Nonparametric High-Dimensional Multi-Sample Tests based on Graph Theory
针对高维数据同质性检验,提出基于最短哈密顿路径的边计数组合统计量,通过置换检验和渐近理论分析其性质,模拟和真实数据表明方法优于现有方法。
High-dimensional data pose unique challenges for data processing in an era of ever-increasing amounts of data availability. Graph theory can provide a structure of high-dimensional data. We introduce two key properties desirable for graphs in testing homogeneity. Roughly speaking, these properties may be described as: unboundedness of edge counts under the same distribution and boundedness of edge counts under different distributions. It turns out that the minimum spanning tree violates these properties but the shortest Hamiltonian path posses them.
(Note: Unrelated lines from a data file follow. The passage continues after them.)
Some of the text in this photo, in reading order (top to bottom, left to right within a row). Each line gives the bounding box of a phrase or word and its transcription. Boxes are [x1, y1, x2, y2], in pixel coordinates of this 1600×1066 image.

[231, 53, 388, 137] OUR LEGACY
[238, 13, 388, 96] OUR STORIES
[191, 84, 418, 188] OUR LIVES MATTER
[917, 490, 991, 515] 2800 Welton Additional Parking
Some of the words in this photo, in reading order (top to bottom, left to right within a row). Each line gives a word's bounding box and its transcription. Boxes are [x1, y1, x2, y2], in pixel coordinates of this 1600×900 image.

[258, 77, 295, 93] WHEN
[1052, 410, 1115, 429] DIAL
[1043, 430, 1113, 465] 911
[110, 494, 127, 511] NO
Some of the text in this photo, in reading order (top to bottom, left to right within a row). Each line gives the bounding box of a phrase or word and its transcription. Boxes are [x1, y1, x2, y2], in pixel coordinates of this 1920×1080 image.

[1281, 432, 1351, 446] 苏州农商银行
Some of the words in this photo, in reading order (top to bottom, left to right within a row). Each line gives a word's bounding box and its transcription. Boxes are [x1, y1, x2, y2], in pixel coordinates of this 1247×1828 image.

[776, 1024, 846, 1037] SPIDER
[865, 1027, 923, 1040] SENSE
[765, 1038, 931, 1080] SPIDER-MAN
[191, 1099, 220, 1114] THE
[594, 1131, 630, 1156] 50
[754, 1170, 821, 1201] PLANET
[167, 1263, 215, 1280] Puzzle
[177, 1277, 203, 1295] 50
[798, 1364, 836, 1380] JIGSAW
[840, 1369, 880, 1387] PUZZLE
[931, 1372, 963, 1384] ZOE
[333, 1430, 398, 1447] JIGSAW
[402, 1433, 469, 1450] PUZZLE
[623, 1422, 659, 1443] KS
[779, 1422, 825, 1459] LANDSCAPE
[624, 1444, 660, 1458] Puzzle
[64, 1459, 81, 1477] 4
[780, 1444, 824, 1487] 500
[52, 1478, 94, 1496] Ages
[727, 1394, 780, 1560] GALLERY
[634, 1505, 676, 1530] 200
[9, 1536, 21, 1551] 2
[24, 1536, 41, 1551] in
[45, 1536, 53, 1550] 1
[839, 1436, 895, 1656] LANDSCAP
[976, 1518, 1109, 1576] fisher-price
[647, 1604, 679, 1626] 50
Based on the shortest Hamiltonian path, we propose two combinations of edge counts in multiple samples to test for homogeneity. We give the permutation null distributions of proposed statistics when sample sizes go to infinity. The power is analyzed by assuming both sample sizes and dimensionality tend to infinity. Simulations show that our new tests behave very well overall in comparison with various competitors. Real data analysis of tumors and images further convince the value of our proposed tests. Software implementing the test is available in the R package GRelevance. Supplemental materials for this article are available online.